Start of Block
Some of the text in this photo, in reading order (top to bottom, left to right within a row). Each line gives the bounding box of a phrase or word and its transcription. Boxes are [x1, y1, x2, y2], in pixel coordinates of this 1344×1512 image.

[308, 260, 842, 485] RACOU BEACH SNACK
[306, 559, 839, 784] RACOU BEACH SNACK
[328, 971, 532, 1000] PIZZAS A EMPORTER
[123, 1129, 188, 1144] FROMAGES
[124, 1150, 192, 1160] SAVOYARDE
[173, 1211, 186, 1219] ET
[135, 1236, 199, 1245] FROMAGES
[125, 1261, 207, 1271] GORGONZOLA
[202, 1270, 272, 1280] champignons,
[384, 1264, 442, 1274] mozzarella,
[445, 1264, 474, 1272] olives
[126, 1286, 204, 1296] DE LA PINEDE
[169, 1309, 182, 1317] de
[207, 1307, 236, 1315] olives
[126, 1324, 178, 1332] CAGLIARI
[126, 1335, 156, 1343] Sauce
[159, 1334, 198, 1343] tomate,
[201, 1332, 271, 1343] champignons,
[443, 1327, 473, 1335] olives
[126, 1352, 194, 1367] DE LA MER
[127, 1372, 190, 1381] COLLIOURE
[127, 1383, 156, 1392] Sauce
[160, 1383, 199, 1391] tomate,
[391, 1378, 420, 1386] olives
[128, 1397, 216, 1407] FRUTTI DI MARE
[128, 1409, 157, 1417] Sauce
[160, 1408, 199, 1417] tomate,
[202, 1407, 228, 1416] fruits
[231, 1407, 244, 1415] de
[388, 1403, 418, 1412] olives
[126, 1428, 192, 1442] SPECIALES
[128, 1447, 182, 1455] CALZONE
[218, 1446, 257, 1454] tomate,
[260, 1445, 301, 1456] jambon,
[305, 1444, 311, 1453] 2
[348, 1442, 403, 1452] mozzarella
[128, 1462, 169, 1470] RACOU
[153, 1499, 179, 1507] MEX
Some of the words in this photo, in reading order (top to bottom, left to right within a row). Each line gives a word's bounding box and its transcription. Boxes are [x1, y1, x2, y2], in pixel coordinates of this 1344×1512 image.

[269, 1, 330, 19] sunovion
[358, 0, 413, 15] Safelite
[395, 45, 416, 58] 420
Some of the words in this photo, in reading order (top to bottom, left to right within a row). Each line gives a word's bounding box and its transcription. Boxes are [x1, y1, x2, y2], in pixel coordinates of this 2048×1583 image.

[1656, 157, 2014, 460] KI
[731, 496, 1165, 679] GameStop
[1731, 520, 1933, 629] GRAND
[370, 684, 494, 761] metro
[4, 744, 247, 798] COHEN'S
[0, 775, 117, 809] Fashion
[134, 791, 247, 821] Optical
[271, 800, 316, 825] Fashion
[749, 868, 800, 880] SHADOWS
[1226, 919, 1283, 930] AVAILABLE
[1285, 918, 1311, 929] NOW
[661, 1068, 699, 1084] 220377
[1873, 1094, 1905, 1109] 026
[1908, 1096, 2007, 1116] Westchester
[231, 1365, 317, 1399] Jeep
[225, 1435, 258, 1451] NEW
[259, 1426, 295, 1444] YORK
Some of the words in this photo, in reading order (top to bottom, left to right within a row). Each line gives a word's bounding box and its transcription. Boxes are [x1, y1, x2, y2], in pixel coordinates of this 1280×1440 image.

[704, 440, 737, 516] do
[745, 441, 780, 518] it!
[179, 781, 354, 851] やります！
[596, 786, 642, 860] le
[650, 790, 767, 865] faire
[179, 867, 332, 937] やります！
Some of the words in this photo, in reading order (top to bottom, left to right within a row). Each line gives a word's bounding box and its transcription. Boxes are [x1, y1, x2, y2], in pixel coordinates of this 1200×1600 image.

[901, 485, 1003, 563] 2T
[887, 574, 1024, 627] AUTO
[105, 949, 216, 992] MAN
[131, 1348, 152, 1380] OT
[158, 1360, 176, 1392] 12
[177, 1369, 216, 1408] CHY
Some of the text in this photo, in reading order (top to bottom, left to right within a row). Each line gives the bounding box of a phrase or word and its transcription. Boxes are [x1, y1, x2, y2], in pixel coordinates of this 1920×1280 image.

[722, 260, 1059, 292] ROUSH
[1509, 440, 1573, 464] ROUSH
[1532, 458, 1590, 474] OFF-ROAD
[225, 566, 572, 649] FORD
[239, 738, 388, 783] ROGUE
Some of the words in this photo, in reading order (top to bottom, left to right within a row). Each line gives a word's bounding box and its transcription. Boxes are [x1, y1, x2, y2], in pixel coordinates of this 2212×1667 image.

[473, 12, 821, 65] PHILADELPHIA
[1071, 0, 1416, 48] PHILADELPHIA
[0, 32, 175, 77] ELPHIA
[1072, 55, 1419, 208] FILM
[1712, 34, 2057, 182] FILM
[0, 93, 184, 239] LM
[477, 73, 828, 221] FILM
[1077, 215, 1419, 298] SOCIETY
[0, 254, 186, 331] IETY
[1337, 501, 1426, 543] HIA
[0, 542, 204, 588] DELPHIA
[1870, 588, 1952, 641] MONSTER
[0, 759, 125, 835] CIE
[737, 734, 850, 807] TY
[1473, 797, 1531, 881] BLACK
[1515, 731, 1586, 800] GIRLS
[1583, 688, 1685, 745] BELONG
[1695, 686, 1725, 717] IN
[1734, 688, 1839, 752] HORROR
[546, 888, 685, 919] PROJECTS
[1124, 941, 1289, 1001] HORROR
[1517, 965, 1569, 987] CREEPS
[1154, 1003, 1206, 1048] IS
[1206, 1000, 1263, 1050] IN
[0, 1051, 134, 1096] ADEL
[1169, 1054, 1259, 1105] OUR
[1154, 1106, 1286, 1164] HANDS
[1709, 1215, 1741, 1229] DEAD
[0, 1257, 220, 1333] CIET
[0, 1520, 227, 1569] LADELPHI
End of Block
**Instructions for the task**
Set down every record once more, exactly as written.

**Result of this exercise**
Some of the text in this photo, in reading order (top to bottom, left to right within a row). Each line gives the bounding box of a phrase or word and its transcription. Boxes are [x1, y1, x2, y2], in pixel coordinates of this 1344×1512 image.

[308, 260, 842, 485] RACOU BEACH SNACK
[306, 559, 839, 784] RACOU BEACH SNACK
[328, 971, 532, 1000] PIZZAS A EMPORTER
[123, 1129, 188, 1144] FROMAGES
[124, 1150, 192, 1160] SAVOYARDE
[173, 1211, 186, 1219] ET
[135, 1236, 199, 1245] FROMAGES
[125, 1261, 207, 1271] GORGONZOLA
[202, 1270, 272, 1280] champignons,
[384, 1264, 442, 1274] mozzarella,
[445, 1264, 474, 1272] olives
[126, 1286, 204, 1296] DE LA PINEDE
[169, 1309, 182, 1317] de
[207, 1307, 236, 1315] olives
[126, 1324, 178, 1332] CAGLIARI
[126, 1335, 156, 1343] Sauce
[159, 1334, 198, 1343] tomate,
[201, 1332, 271, 1343] champignons,
[443, 1327, 473, 1335] olives
[126, 1352, 194, 1367] DE LA MER
[127, 1372, 190, 1381] COLLIOURE
[127, 1383, 156, 1392] Sauce
[160, 1383, 199, 1391] tomate,
[391, 1378, 420, 1386] olives
[128, 1397, 216, 1407] FRUTTI DI MARE
[128, 1409, 157, 1417] Sauce
[160, 1408, 199, 1417] tomate,
[202, 1407, 228, 1416] fruits
[231, 1407, 244, 1415] de
[388, 1403, 418, 1412] olives
[126, 1428, 192, 1442] SPECIALES
[128, 1447, 182, 1455] CALZONE
[218, 1446, 257, 1454] tomate,
[260, 1445, 301, 1456] jambon,
[305, 1444, 311, 1453] 2
[348, 1442, 403, 1452] mozzarella
[128, 1462, 169, 1470] RACOU
[153, 1499, 179, 1507] MEX
Some of the words in this photo, in reading order (top to bottom, left to right within a row). Each line gives a word's bounding box and its transcription. Boxes are [x1, y1, x2, y2], in pixel coordinates of this 1344×1512 image.

[269, 1, 330, 19] sunovion
[358, 0, 413, 15] Safelite
[395, 45, 416, 58] 420
Some of the words in this photo, in reading order (top to bottom, left to right within a row). Each line gives a word's bounding box and its transcription. Boxes are [x1, y1, x2, y2], in pixel coordinates of this 2048×1583 image.

[1656, 157, 2014, 460] KI
[731, 496, 1165, 679] GameStop
[1731, 520, 1933, 629] GRAND
[370, 684, 494, 761] metro
[4, 744, 247, 798] COHEN'S
[0, 775, 117, 809] Fashion
[134, 791, 247, 821] Optical
[271, 800, 316, 825] Fashion
[749, 868, 800, 880] SHADOWS
[1226, 919, 1283, 930] AVAILABLE
[1285, 918, 1311, 929] NOW
[661, 1068, 699, 1084] 220377
[1873, 1094, 1905, 1109] 026
[1908, 1096, 2007, 1116] Westchester
[231, 1365, 317, 1399] Jeep
[225, 1435, 258, 1451] NEW
[259, 1426, 295, 1444] YORK
Some of the words in this photo, in reading order (top to bottom, left to right within a row). Each line gives a word's bounding box and its transcription. Boxes are [x1, y1, x2, y2], in pixel coordinates of this 1280×1440 image.

[704, 440, 737, 516] do
[745, 441, 780, 518] it!
[179, 781, 354, 851] やります！
[596, 786, 642, 860] le
[650, 790, 767, 865] faire
[179, 867, 332, 937] やります！
Some of the words in this photo, in reading order (top to bottom, left to right within a row). Each line gives a word's bounding box and its transcription. Boxes are [x1, y1, x2, y2], in pixel coordinates of this 1200×1600 image.

[901, 485, 1003, 563] 2T
[887, 574, 1024, 627] AUTO
[105, 949, 216, 992] MAN
[131, 1348, 152, 1380] OT
[158, 1360, 176, 1392] 12
[177, 1369, 216, 1408] CHY
Some of the text in this photo, in reading order (top to bottom, left to right within a row). Each line gives the bounding box of a phrase or word and its transcription. Boxes are [x1, y1, x2, y2], in pixel coordinates of this 1920×1280 image.

[722, 260, 1059, 292] ROUSH
[1509, 440, 1573, 464] ROUSH
[1532, 458, 1590, 474] OFF-ROAD
[225, 566, 572, 649] FORD
[239, 738, 388, 783] ROGUE
Some of the words in this photo, in reading order (top to bottom, left to right within a row). Each line gives a word's bounding box and its transcription. Boxes are [x1, y1, x2, y2], in pixel coordinates of this 2212×1667 image.

[473, 12, 821, 65] PHILADELPHIA
[1071, 0, 1416, 48] PHILADELPHIA
[0, 32, 175, 77] ELPHIA
[1072, 55, 1419, 208] FILM
[1712, 34, 2057, 182] FILM
[0, 93, 184, 239] LM
[477, 73, 828, 221] FILM
[1077, 215, 1419, 298] SOCIETY
[0, 254, 186, 331] IETY
[1337, 501, 1426, 543] HIA
[0, 542, 204, 588] DELPHIA
[1870, 588, 1952, 641] MONSTER
[0, 759, 125, 835] CIE
[737, 734, 850, 807] TY
[1473, 797, 1531, 881] BLACK
[1515, 731, 1586, 800] GIRLS
[1583, 688, 1685, 745] BELONG
[1695, 686, 1725, 717] IN
[1734, 688, 1839, 752] HORROR
[546, 888, 685, 919] PROJECTS
[1124, 941, 1289, 1001] HORROR
[1517, 965, 1569, 987] CREEPS
[1154, 1003, 1206, 1048] IS
[1206, 1000, 1263, 1050] IN
[0, 1051, 134, 1096] ADEL
[1169, 1054, 1259, 1105] OUR
[1154, 1106, 1286, 1164] HANDS
[1709, 1215, 1741, 1229] DEAD
[0, 1257, 220, 1333] CIET
[0, 1520, 227, 1569] LADELPHI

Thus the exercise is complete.